Phrase grounding data
....

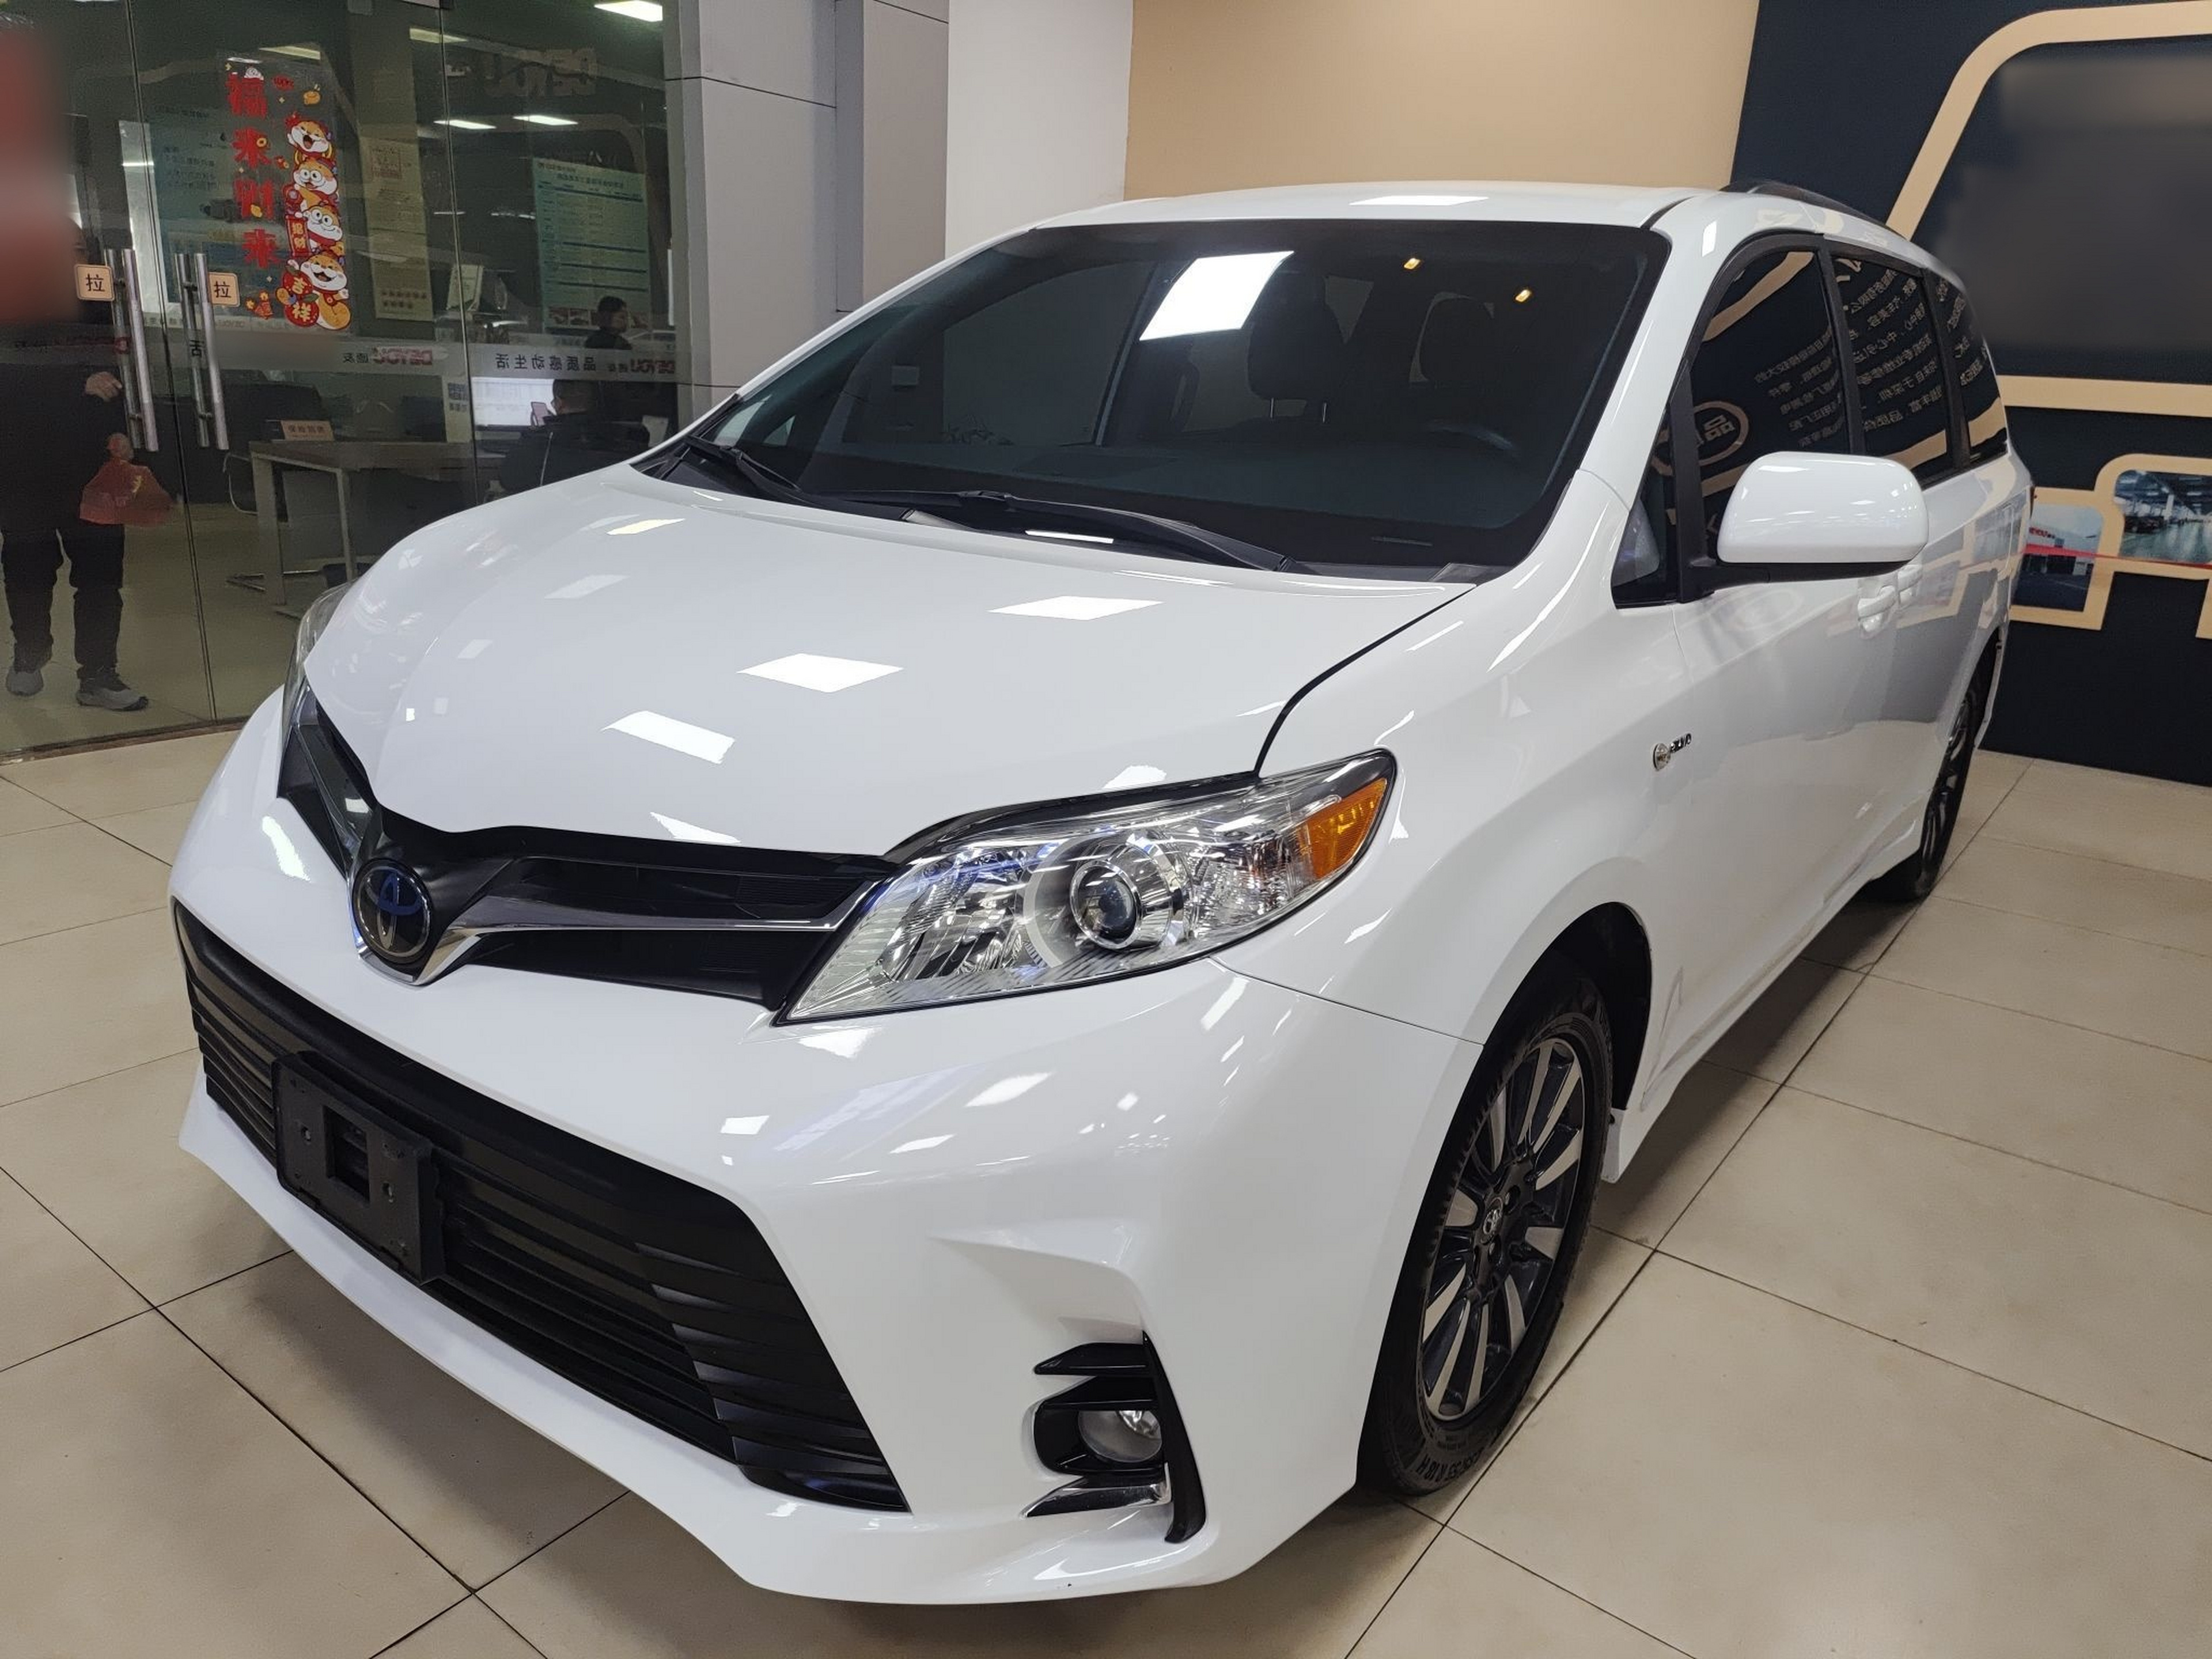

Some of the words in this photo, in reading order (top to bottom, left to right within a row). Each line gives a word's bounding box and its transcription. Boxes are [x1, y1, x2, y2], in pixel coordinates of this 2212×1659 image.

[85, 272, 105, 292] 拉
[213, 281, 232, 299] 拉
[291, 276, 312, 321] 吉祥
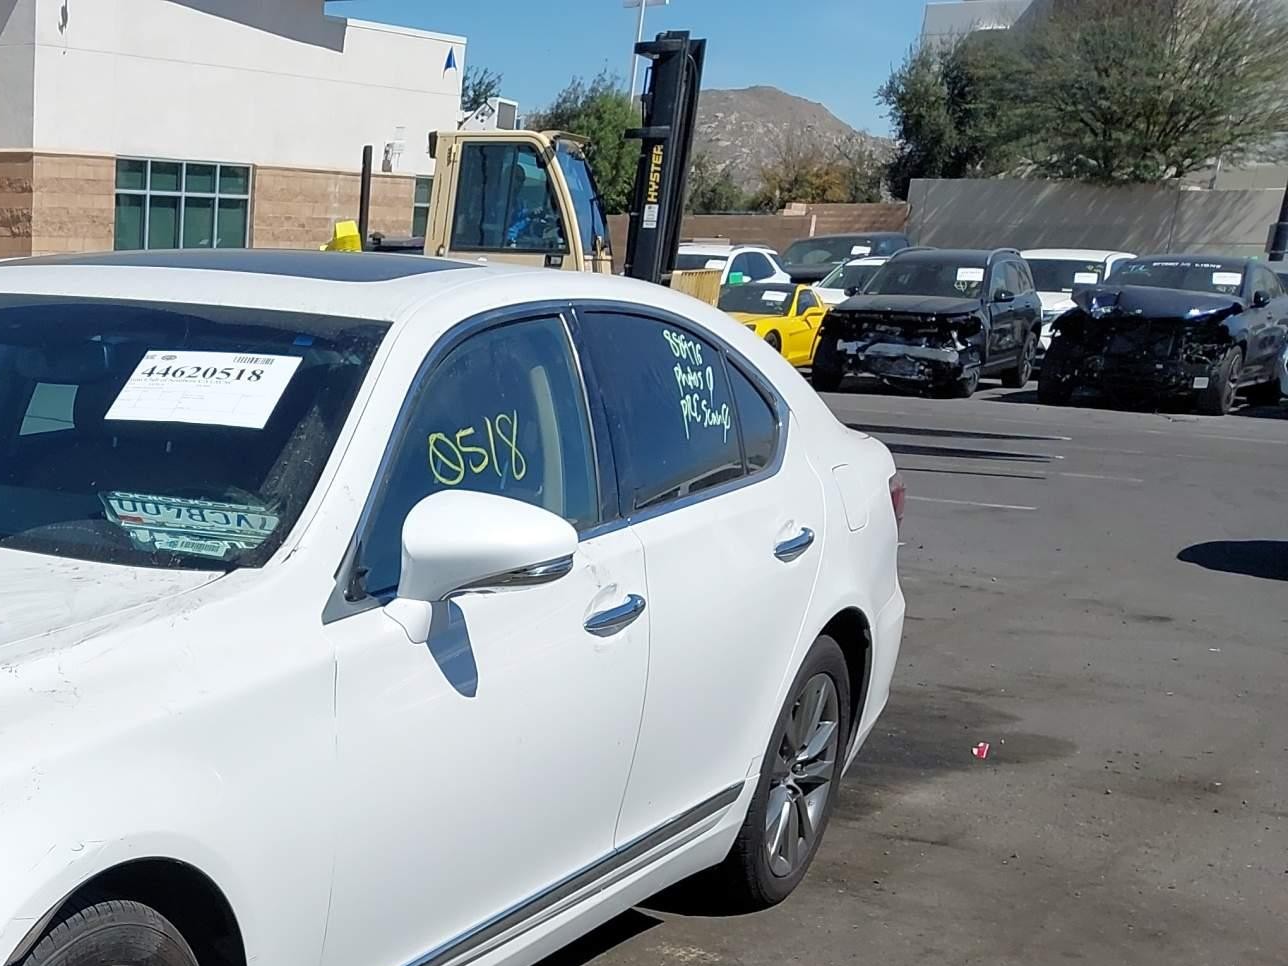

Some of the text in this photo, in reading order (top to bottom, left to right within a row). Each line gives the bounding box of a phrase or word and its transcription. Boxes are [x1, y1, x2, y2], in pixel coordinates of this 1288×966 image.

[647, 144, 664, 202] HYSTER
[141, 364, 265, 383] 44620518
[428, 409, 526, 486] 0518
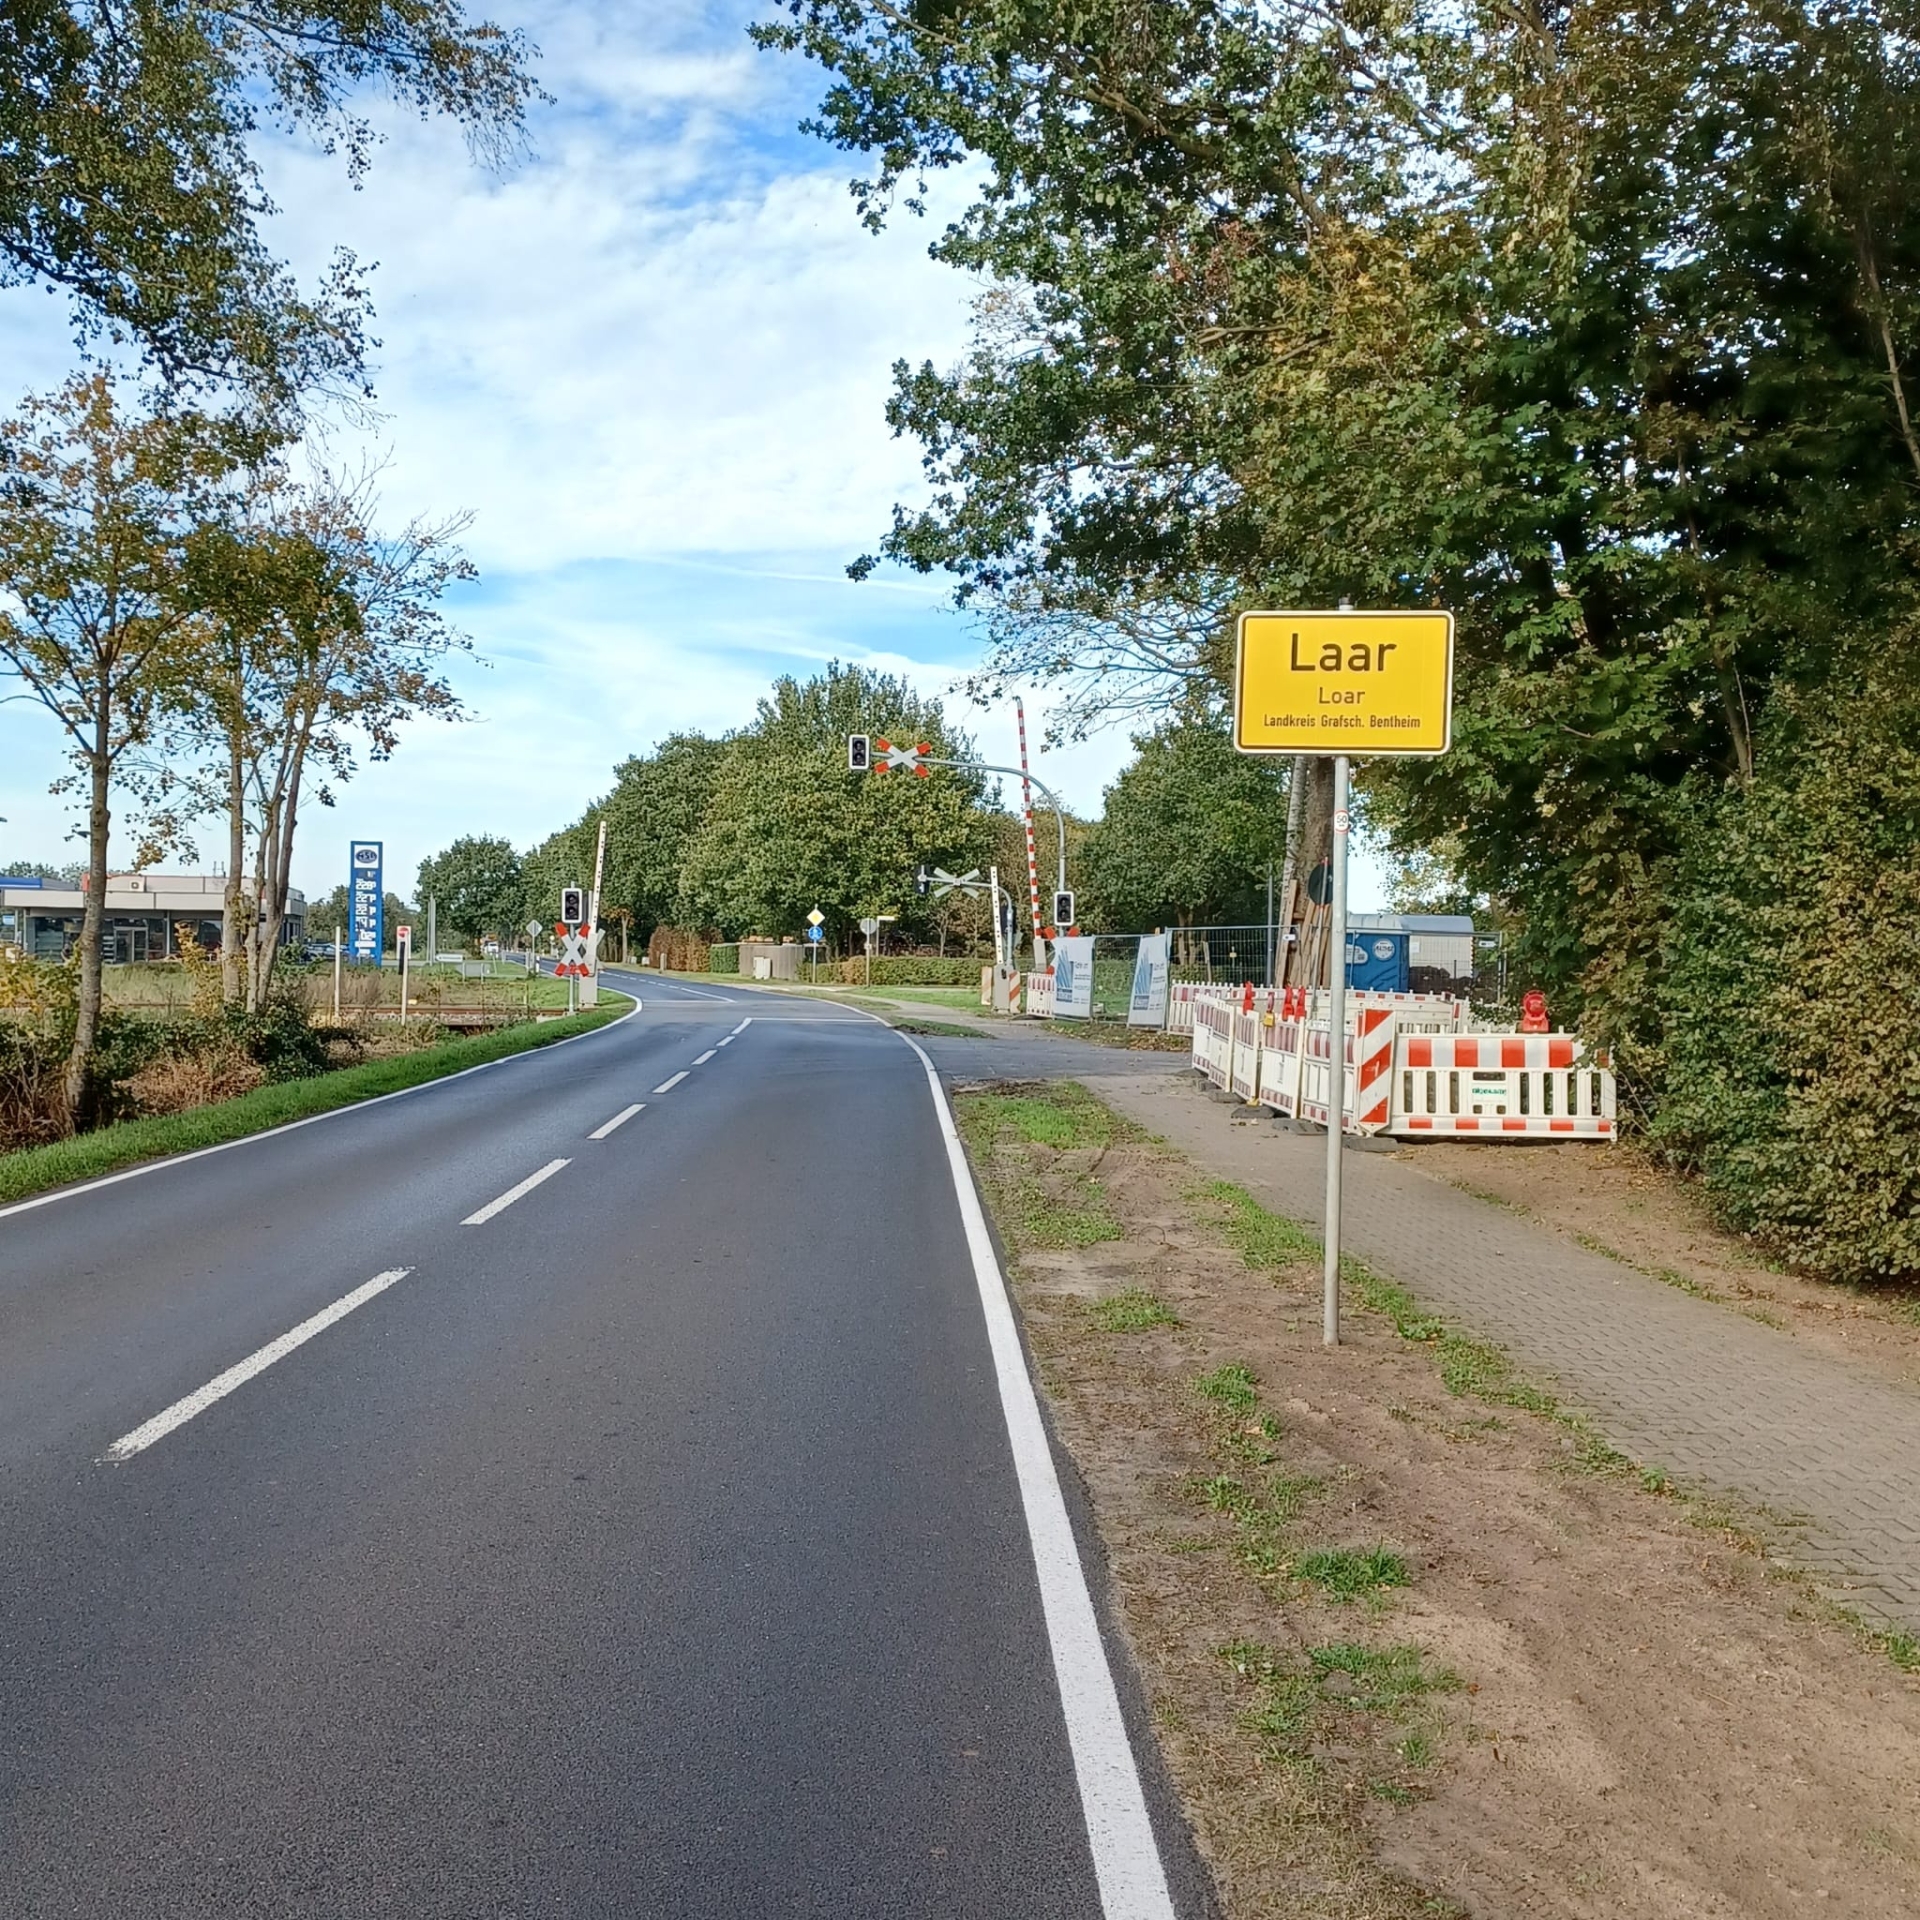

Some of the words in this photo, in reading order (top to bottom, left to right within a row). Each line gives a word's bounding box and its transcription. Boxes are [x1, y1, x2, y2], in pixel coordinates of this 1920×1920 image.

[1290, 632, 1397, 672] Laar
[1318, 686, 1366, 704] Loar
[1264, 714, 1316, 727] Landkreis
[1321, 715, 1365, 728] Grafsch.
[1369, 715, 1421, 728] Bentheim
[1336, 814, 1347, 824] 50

....

**Exercise goal:** Would you please repeat each record exactly? Leave the pictures out.

**Result for this exercise:**
Some of the words in this photo, in reading order (top to bottom, left to right within a row). Each line gives a word's bounding box and its transcription. Boxes are [x1, y1, x2, y2], in pixel coordinates of this 2212×1659 image.

[85, 272, 105, 292] 拉
[213, 281, 232, 299] 拉
[291, 276, 312, 321] 吉祥

Some of the text in this photo, in reading order (top to bottom, left to right within a row). Each line gives the bounding box of a phrase or word and its transcription. Boxes are [x1, y1, x2, y2], in pixel coordinates of this 1288×966 image.

[647, 144, 664, 202] HYSTER
[141, 364, 265, 383] 44620518
[428, 409, 526, 486] 0518

Some of the words in this photo, in reading order (top to bottom, left to right within a row). Each line gives a word's bounding box and its transcription. Boxes are [x1, y1, x2, y2], in pixel coordinates of this 1920×1920 image.

[1290, 632, 1397, 672] Laar
[1318, 686, 1366, 704] Loar
[1264, 714, 1316, 727] Landkreis
[1321, 715, 1365, 728] Grafsch.
[1369, 715, 1421, 728] Bentheim
[1336, 814, 1347, 824] 50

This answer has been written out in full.